Das geht aus einer Untersuchung hervor, die die Grünen-Bundestagsfraktion beim Energie-Informationsdienst EnergyComment in Auftrag gegeben hatte. KundInnen sollten sich gegen die überhöhten Preise wehren, forderte die stellvertretende grüne Fraktionsvorsitzende Bärbel Höhn: „Wenn nicht im Laufe der nächsten Monate eine Preissenkung angekündigt wird, sollte man einen Versorgerwechsel in Betracht ziehen.“
Die Preise, die beim Erdgas-Import oder an Europas Gashandelspunkten gezahlt werden müssen, sind in den letzten zweieinhalb Jahren um etwa ein Drittel gefallen; pro Kilowattstunde machte das etwa einen Cent aus. Während die Preissenkung an Industriekunden teilweise weitergegeben wurde, kam bei den privaten VerbraucherInnen fast nichts an: Seit 2013 wurde eine Kilowattstunde für sie nur um 0,2 Cent billiger. Die Netzentgelte, also die Kosten für den Transport des Gases, blieben fast unverändert; auch die Steuern sind gleich geblieben. Daher führt die Einsparung zu zusätzlichen Gewinnen der Gaswirtschaft.
Die aber weist den Vorwurf zurück, sich auf Kosten der Kunden zu bereichern.

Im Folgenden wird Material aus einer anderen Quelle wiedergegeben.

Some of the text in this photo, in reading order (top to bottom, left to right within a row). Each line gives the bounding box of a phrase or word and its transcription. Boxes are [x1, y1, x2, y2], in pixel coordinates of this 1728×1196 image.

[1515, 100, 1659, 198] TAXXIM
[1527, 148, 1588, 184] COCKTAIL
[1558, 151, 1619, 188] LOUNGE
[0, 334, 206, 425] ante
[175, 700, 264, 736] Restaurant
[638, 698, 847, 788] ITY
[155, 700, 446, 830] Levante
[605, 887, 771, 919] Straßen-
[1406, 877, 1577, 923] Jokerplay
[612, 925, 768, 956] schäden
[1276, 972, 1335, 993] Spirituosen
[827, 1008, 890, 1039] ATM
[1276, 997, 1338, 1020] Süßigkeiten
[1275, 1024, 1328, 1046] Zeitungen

Viele Versorger würden sich nicht kurzfristig mit Gas eindecken, sondern über langfristige Terminkontrakte. Hier seien die Preise „weniger stark gesunken“ als auf dem Spotmarkt, so der Branchenverband BDEW.
Dieses Argument überzeugt den Studienautor Steffen Bukold nicht. Wenn die Versorger wirklich so langfristig einkauften, hätten sie ihre Preise vor drei Jahren stark senken müssen, sagt er – was nicht geschehen ist. Und ein zusätzlicher Gewinn auf Kosten der Verbraucher werde derzeit definitiv gemacht: „Das Gas, das im Jahr 2015 in Deutschland verbraucht wurde, wurde auch 2015 importiert, zu den aktuellen Preisen“, sagte Bukold der taz. „Entweder haben die lokalen Versorger oder die Gashändler einen Extraprofit gemacht.“
Die Höhe dieser ungerechtfertigten Zusatzkosten schwankt regional. In Baden-Württemberg zahlt ein Durchschnittshaushalt, der mit Gas heizt, rund 172 Euro pro Jahr zu viel. Auch Nordrhein-Westfalen, Schleswig-Holstein und Thüringen sind teuer. In Berlin gibt es hingegen keinen Aufschlag.

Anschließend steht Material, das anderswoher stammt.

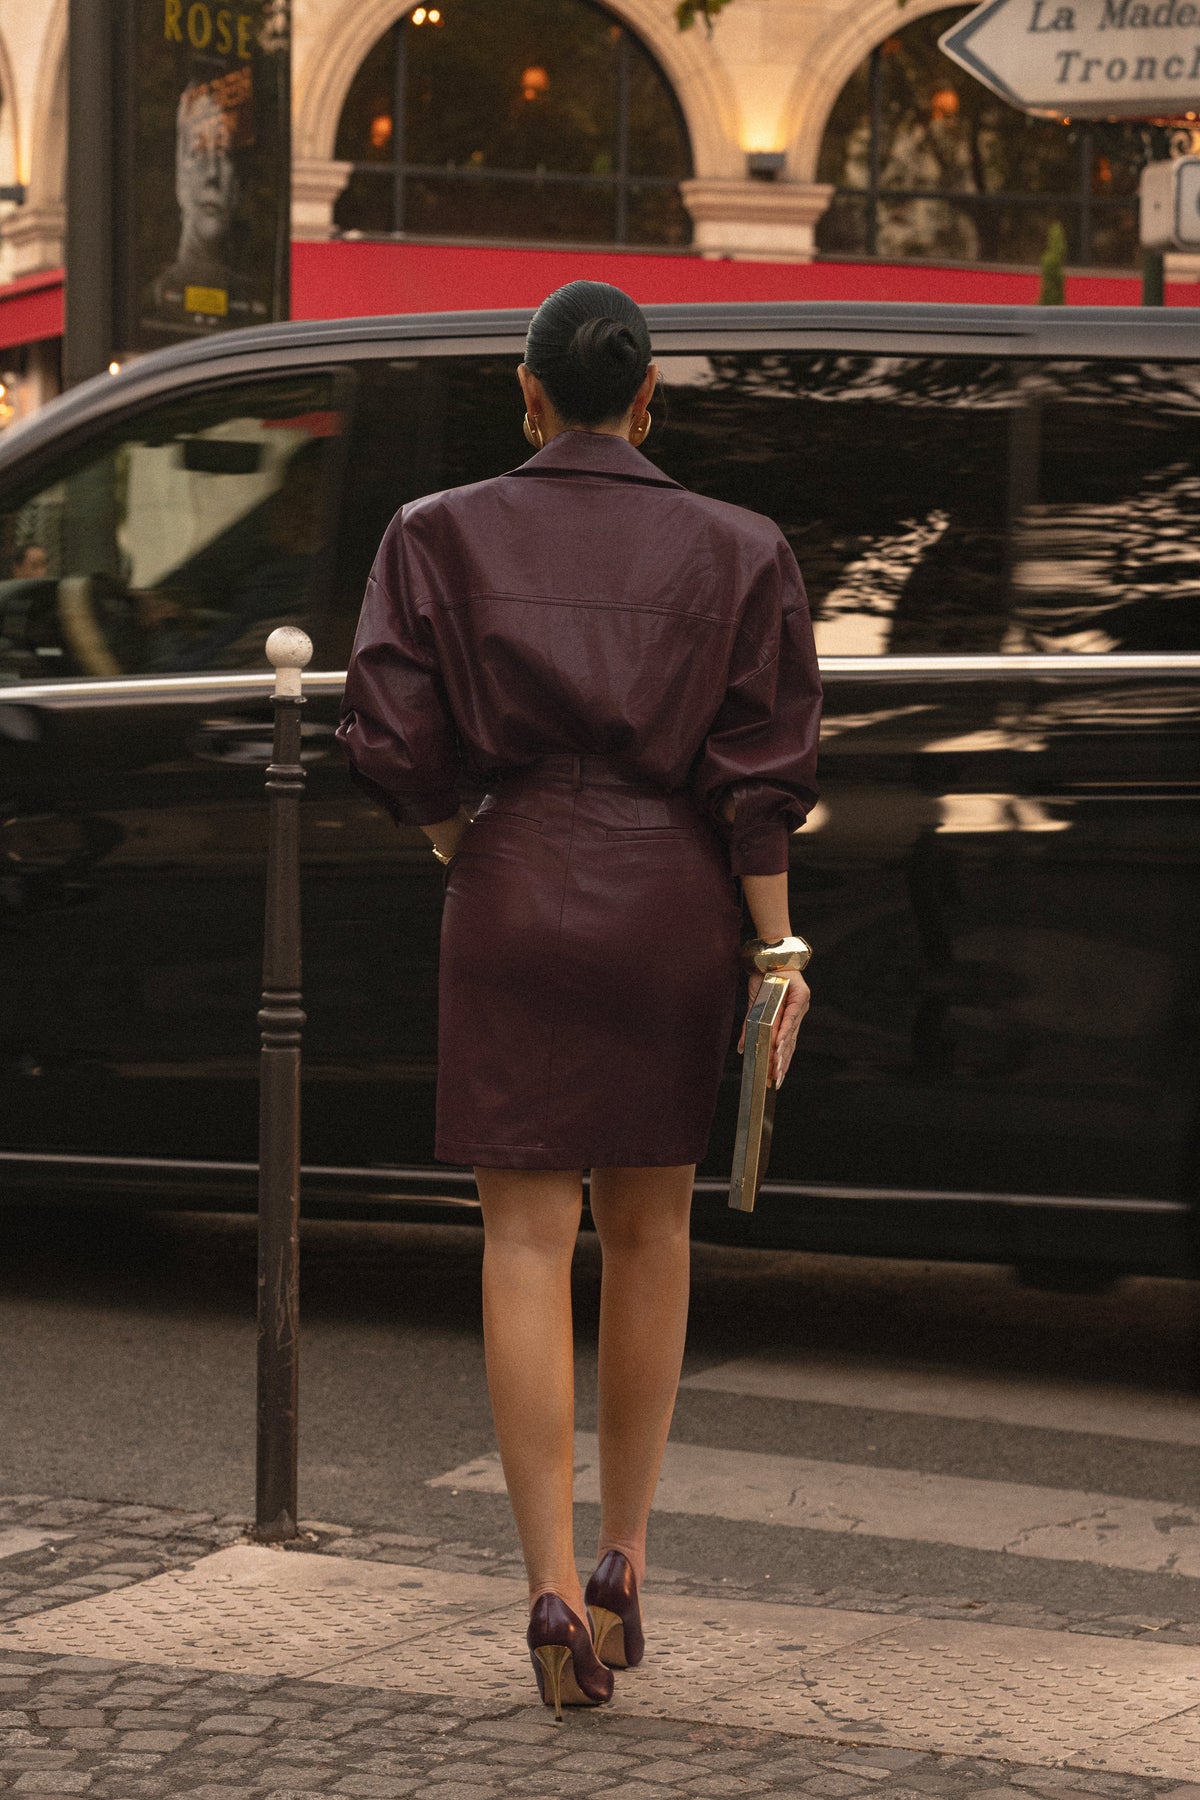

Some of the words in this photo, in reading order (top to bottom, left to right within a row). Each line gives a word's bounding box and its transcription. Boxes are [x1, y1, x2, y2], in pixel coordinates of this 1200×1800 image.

[164, 0, 252, 58] ROSE
[1027, 0, 1075, 33] La
[1098, 0, 1200, 30] Made
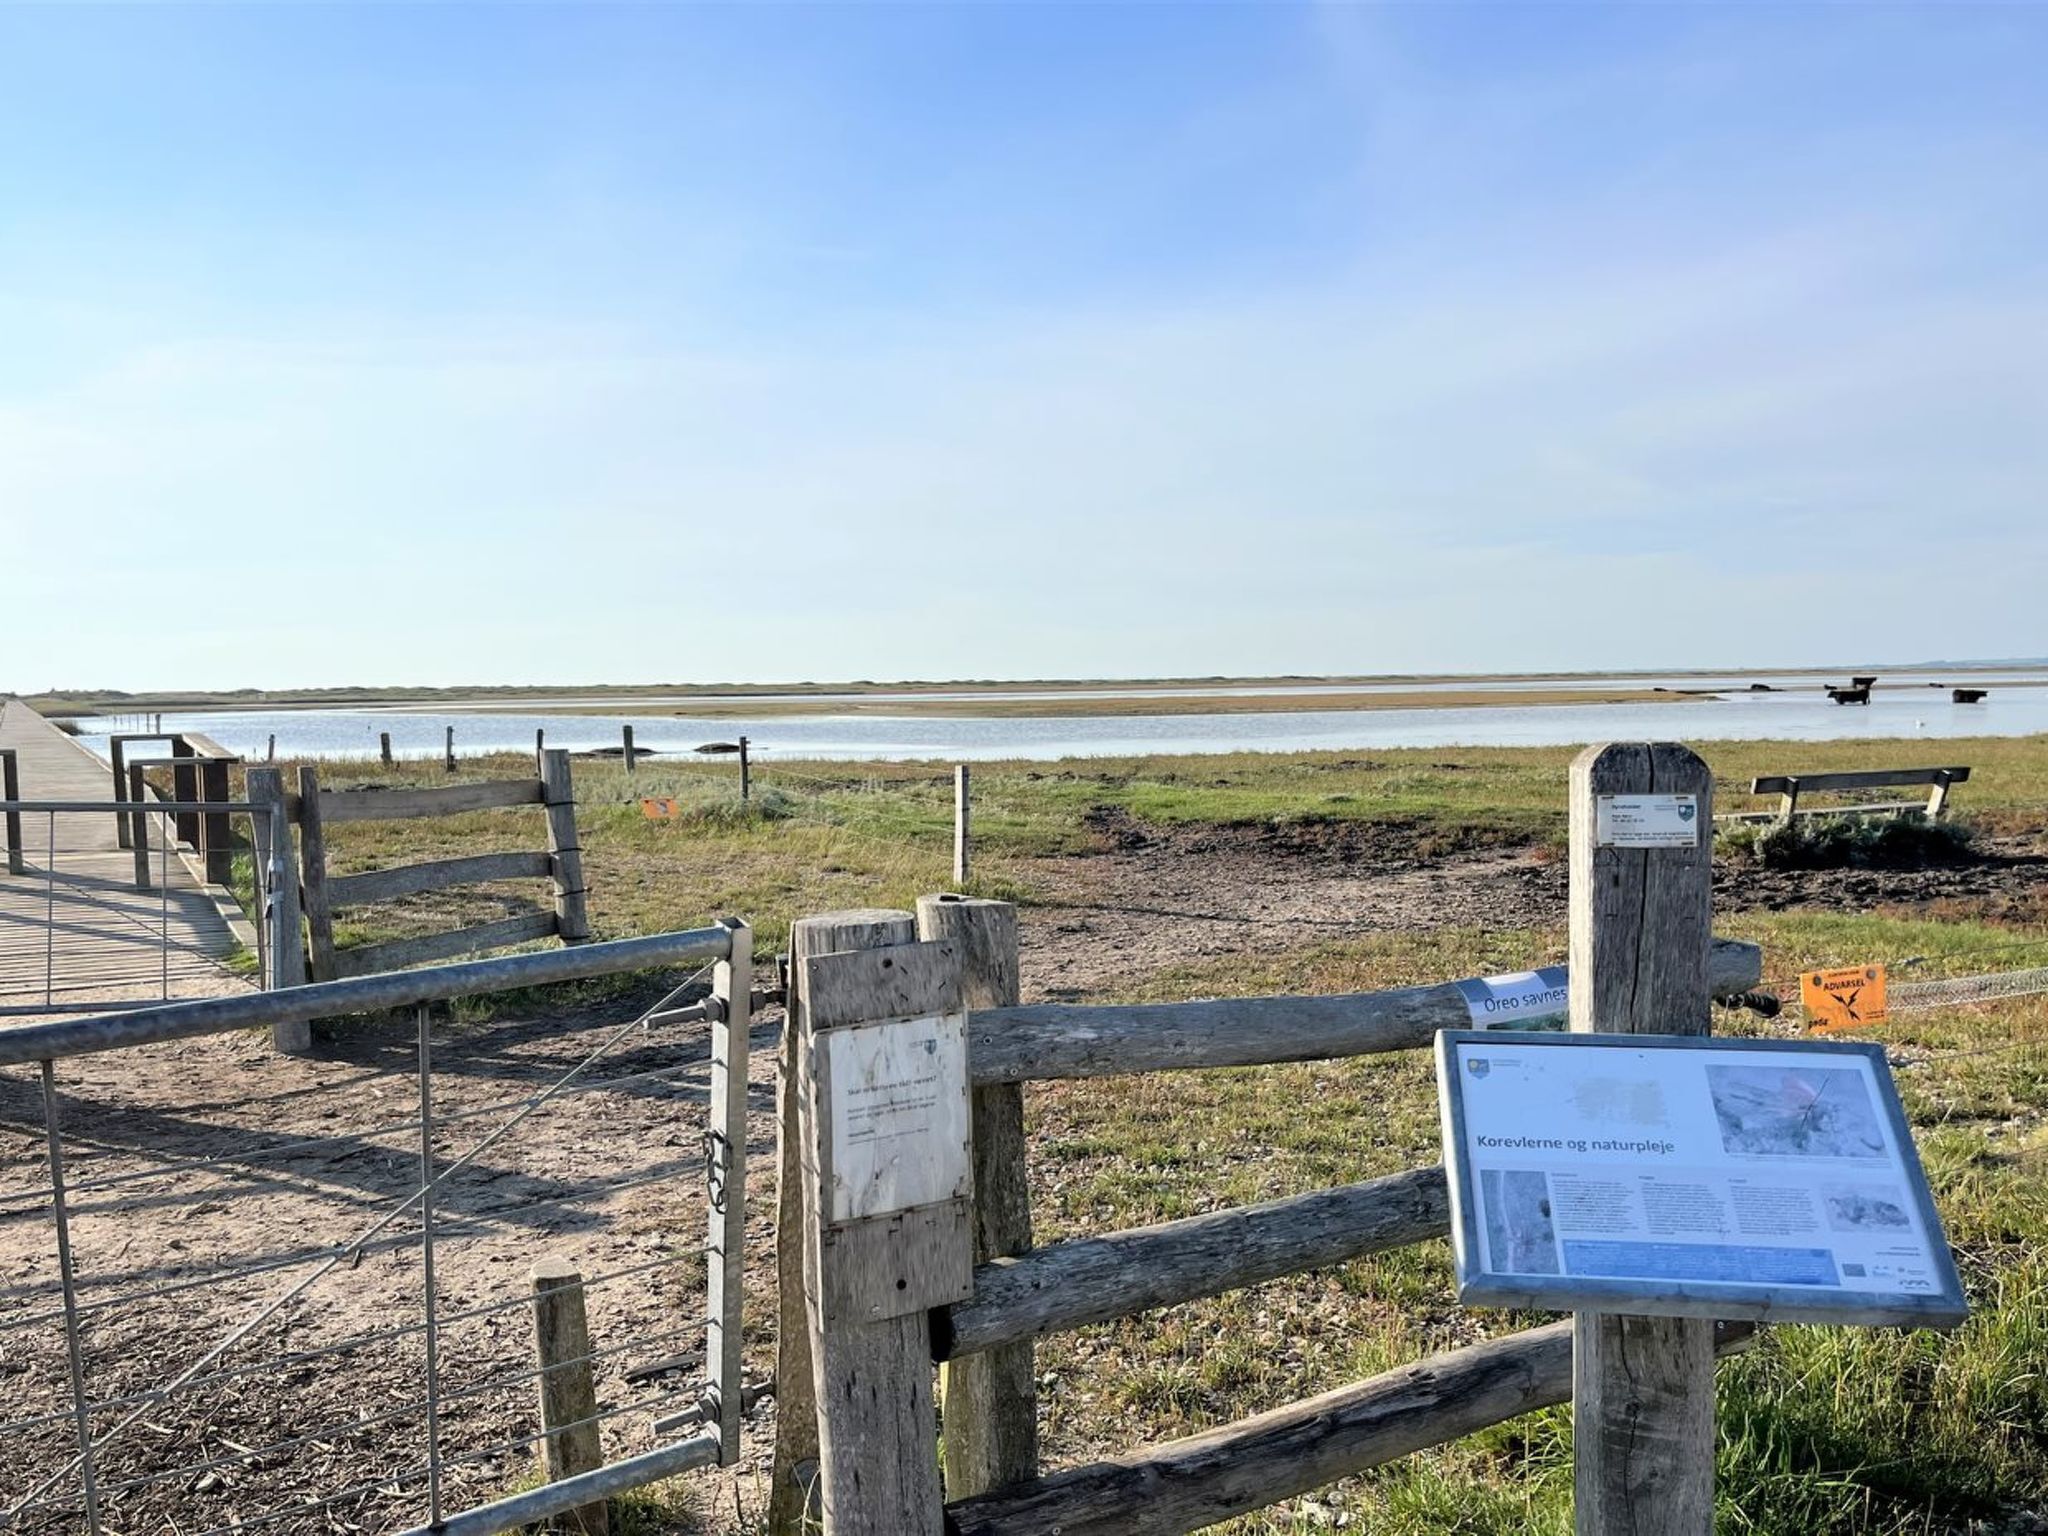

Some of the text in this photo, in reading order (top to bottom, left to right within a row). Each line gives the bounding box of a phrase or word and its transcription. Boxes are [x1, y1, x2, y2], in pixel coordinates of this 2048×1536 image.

[1823, 979, 1866, 991] ADVARSEL
[1484, 988, 1568, 1012] Oreo savnes
[1477, 1135, 1675, 1155] Korevlerne og naturpleje

Der Markt: Etwa die Hälfte der deutschen Haushalte heizt mit Gas. Seit der Liberalisierung im Jahr 1998 sind über 900 Anbieter entstanden.
Die Auswahl: Bei der Suche nach günstigen Anbietern helfen Internet-Portale wie Verivox oder Check24. Dort sollten unter "Einstellungen" die Empfehlungen der Stiftung Warentest genutzt werden. Benötigt werden Verbrauch und Postleitzahl.
Der Wechsel: Ein Wechsel ist jederzeit möglich, sofern es die Kündigungsfrist es zulässt. Dabei muss lediglich der Zähler abgelesen werden; technische Veränderungen sind nicht notwendig.
Grünen-Fraktionsvize Höhn hält die Preise für inakzeptabel und ruft KundInnen zum Anbieterwechsel auf. „Die örtlichen Grundversorger senken selten ihre Preise, weil immer noch verhältnismäßig wenige Kunden wechseln.“ Tatsächlich beziehen mehr als 80 Prozent der Haushalte ihr Gas vom lokalen Grundversorger. 24 Prozent zahlen dort auch den besonders hohen Grundtarif, 57 Prozent haben einen günstigeren Sondervertrag abgeschlossen. Nur 21 Prozent sind zu einem anderen Anbieter gewechselt, obwohl im Schnitt 65 zur Auswahl stehen.